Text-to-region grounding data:
+++
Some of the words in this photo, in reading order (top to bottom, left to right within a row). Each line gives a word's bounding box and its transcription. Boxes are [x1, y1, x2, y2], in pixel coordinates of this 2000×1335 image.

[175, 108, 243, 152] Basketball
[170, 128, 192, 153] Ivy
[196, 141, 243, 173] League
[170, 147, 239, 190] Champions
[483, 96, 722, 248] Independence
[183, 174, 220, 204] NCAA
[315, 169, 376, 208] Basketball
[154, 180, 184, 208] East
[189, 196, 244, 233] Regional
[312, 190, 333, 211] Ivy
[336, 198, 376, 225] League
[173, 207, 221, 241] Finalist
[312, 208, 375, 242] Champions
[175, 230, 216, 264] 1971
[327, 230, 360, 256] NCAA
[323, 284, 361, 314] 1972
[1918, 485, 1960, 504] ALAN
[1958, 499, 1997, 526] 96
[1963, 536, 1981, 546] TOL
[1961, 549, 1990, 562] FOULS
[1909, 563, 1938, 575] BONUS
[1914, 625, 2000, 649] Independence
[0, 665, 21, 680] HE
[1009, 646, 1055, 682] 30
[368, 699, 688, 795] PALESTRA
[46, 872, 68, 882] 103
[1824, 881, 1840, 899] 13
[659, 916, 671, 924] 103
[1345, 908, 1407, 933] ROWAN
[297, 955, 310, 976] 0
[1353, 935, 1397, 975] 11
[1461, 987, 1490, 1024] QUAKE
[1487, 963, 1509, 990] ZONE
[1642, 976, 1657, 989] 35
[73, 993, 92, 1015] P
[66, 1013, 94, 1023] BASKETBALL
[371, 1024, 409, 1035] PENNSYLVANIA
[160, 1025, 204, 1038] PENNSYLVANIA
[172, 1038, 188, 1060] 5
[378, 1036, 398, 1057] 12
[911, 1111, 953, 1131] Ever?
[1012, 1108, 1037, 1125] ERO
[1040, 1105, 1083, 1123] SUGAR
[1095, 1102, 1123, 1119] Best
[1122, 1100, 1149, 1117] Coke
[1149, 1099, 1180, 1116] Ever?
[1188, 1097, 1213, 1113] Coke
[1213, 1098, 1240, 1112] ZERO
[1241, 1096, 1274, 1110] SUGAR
+++
Requirement: The lines to copy are those above that contain "Coke".

Response for this exercise:
[1122, 1100, 1149, 1117] Coke
[1188, 1097, 1213, 1113] Coke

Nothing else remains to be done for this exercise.